Autoridades solapan a transportistas ilegales: Atrolsa

Transportistas en conferencia de prensa

Transportistas en conferencia de prensa

Enero 2015. Representantes de la empresa Autobuses Troncales Lomas (Atrolsa) acusaron al titular de la Secretaría de Movilidad (Semovi), Rufino H. León, y a Meyer Klipp, director del Instituto de Verificación Administrativa del Distrito Federal (INVEADF), de solapar y proteger al grupo de transportistas ilegales que prestan servicio de manera ilegal en las cuatro rutas del Corredor Chapultepec-Lomas, acompañados de golpeadores.

“Este grupo opera de forma ilegal y sin realizar ninguna inversión; violentan la ley de manera abierta, sin que la Secretaría de Movilidad y el INVEA, que deberían ofrecer certeza jurídica y económica a las empresas que apostamos por el proyecto de modernización del transporte, no meten las manos y por el contrario, arropan a estos grupos disidentes”, manifestó Miguel Ángel Suárez Herrera, gerente de Atrolsa,

Atrolsa realizó una inversión por 115 millones de pesos e inició la sustitución de 106 autobuses viejos por 85 nuevos de 10.5 metros de longitud, con cámaras de vigilancia, sistemas de localización satelital (GPS) y operadores capacitados; pagaron el derecho de concesión exclusiva, el reemplacamiento y todos los requerimientos establecidos por las autoridades.

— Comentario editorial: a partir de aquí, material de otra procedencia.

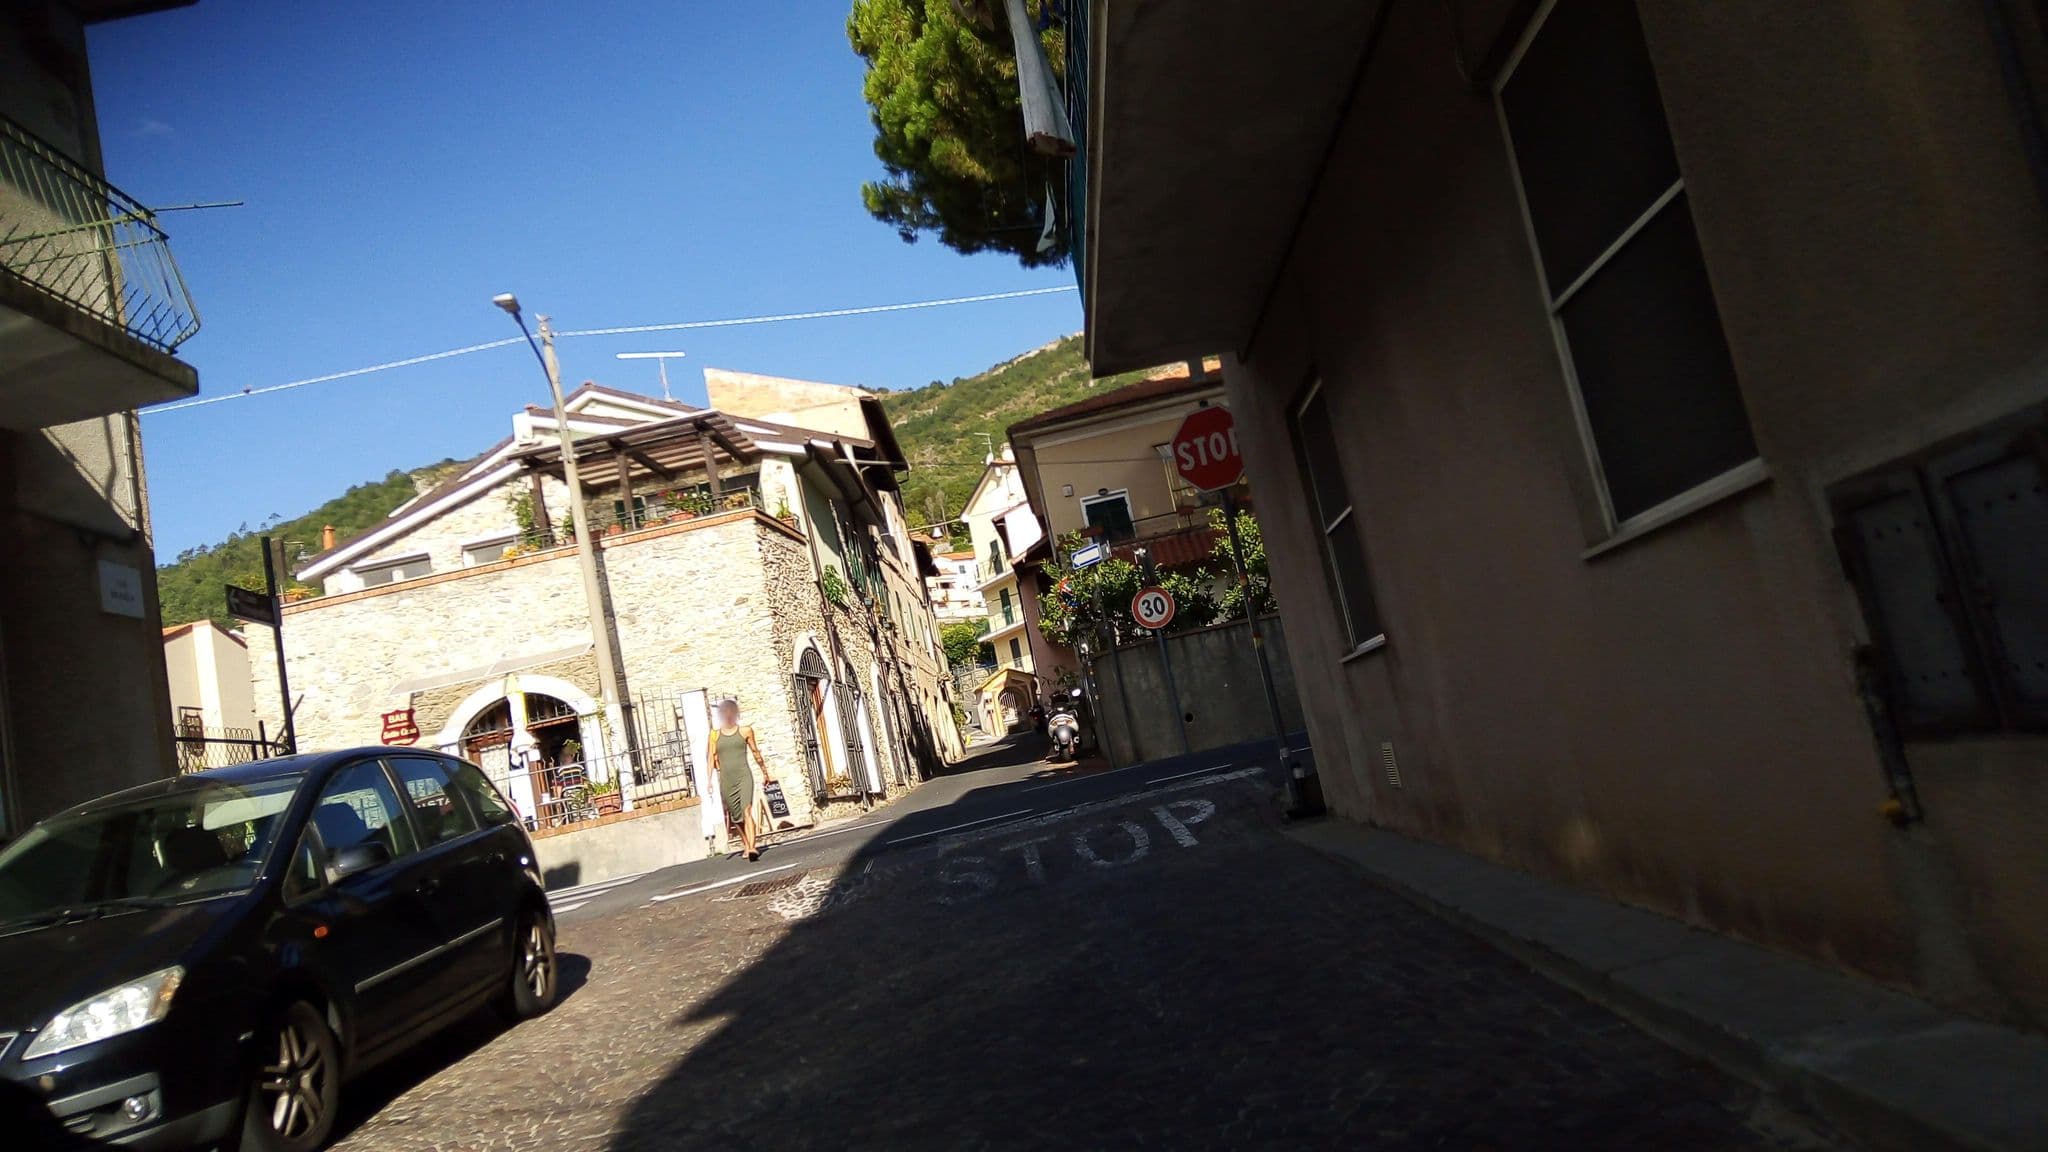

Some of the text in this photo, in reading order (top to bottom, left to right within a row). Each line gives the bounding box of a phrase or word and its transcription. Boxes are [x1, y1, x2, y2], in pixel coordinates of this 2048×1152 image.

[1141, 596, 1166, 618] 30
[387, 712, 408, 724] BAR
[936, 799, 1215, 904] STOP

Tras haber cumplido con todos los requerimientos de las autoridades, recibieron en exclusividad la concesión del corredor Metro Chapultepec-Lomas-Palmas; sin embargo, 30 transportistas se negaron a hacer las modificaciones y a pesar de ello, las autoridades no han impedido su circulación.

A dos meses de que el jefe de Gobierno del Distrito Federal, Miguel Ángel Mancera, diera el banderazo de salida para que los autobuses de Atrolsa ofrecieran un servicio de transporte de alta calidad en el mencionado corredor, los empresarios y transportistas reportan pérdidas por 7 millones 350 mil pesos a causa de la competencia desleal que representa un grupo de 30 transportistas disidentes que usurpan el recorrido, sin cumplir con la normatividad establecida por el gobierno capitalino.